Saved data entries:
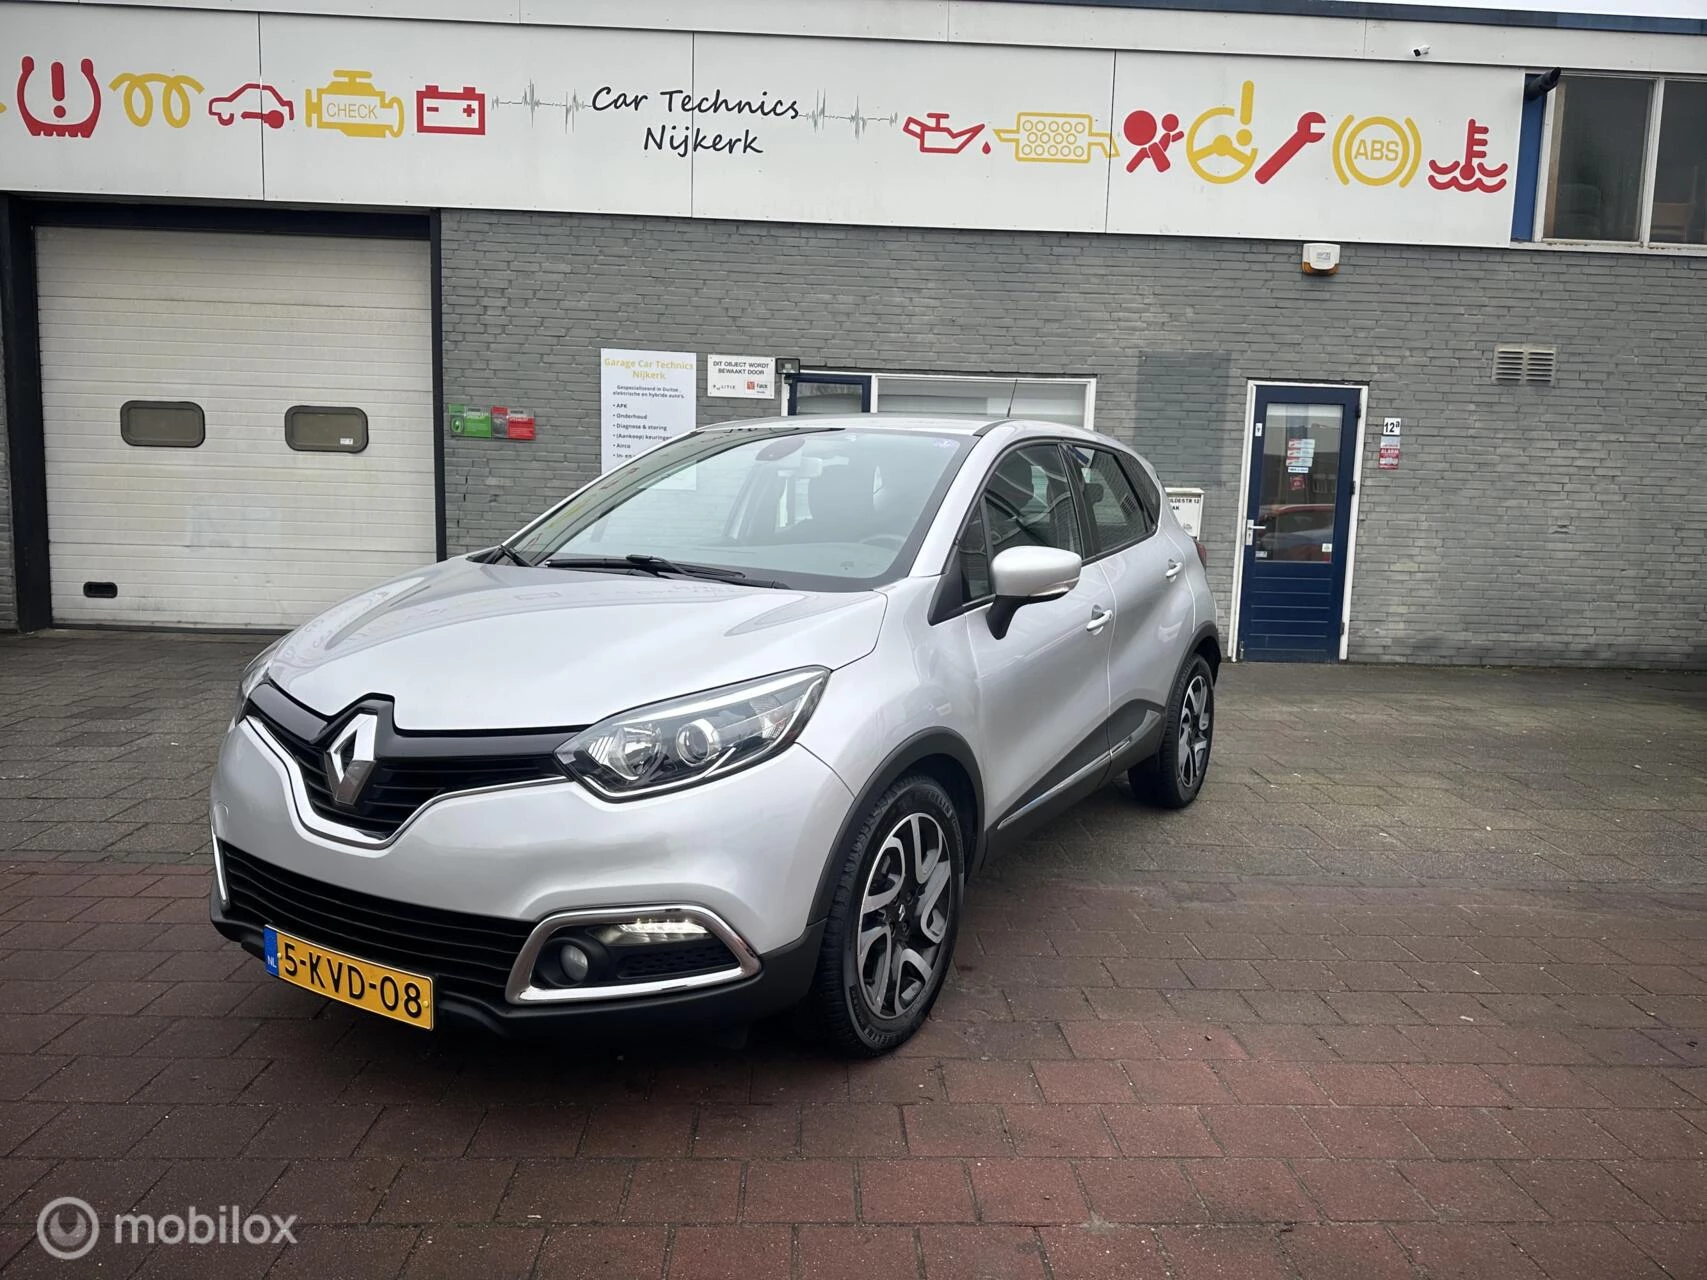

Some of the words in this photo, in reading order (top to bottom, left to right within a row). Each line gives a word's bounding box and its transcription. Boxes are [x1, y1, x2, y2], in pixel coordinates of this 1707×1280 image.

[326, 102, 378, 119] CHECK
[591, 86, 648, 111] Car
[660, 89, 799, 119] Technics
[643, 124, 763, 158] Nijkerk
[1353, 139, 1399, 161] ABS
[604, 358, 636, 369] Garage
[638, 360, 653, 368] Car
[655, 360, 694, 370] Technics
[632, 371, 666, 380] Nijkerk
[267, 955, 277, 969] NL
[283, 942, 422, 1019] 5-KVD-08
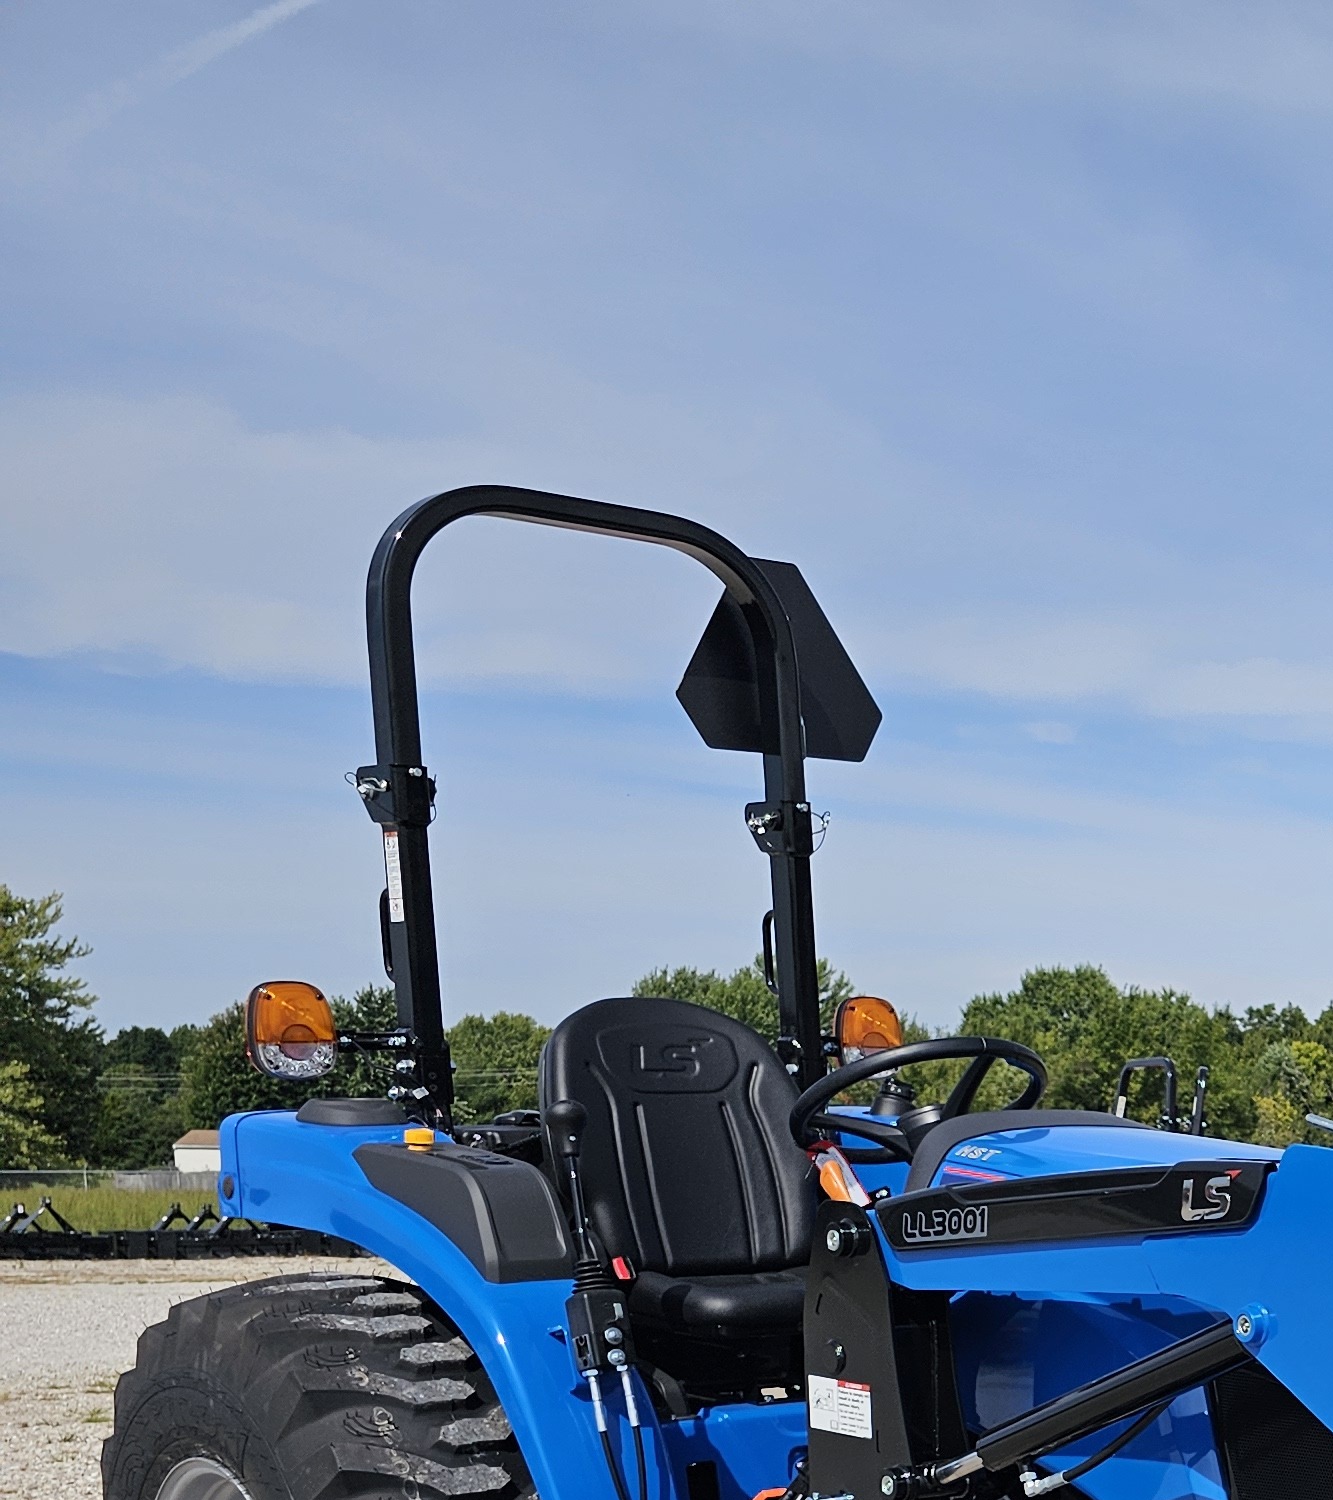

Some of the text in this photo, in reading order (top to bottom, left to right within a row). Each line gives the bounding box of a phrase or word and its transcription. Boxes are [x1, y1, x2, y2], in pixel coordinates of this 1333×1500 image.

[955, 1145, 1002, 1161] HST
[1181, 1175, 1231, 1221] LS
[903, 1205, 988, 1243] LL3001

Exercise description
Nothing but the text is wanted: repeat the data above exactly, without its images.

Task result
Some of the words in this photo, in reading order (top to bottom, left to right within a row). Each line gives a word's bounding box and its transcription. Boxes are [x1, y1, x2, y2], in pixel coordinates of this 1707×1280 image.

[326, 102, 378, 119] CHECK
[591, 86, 648, 111] Car
[660, 89, 799, 119] Technics
[643, 124, 763, 158] Nijkerk
[1353, 139, 1399, 161] ABS
[604, 358, 636, 369] Garage
[638, 360, 653, 368] Car
[655, 360, 694, 370] Technics
[632, 371, 666, 380] Nijkerk
[267, 955, 277, 969] NL
[283, 942, 422, 1019] 5-KVD-08

Some of the text in this photo, in reading order (top to bottom, left to right within a row). Each line gives the bounding box of a phrase or word and its transcription. Boxes are [x1, y1, x2, y2], in pixel coordinates of this 1333×1500 image.

[955, 1145, 1002, 1161] HST
[1181, 1175, 1231, 1221] LS
[903, 1205, 988, 1243] LL3001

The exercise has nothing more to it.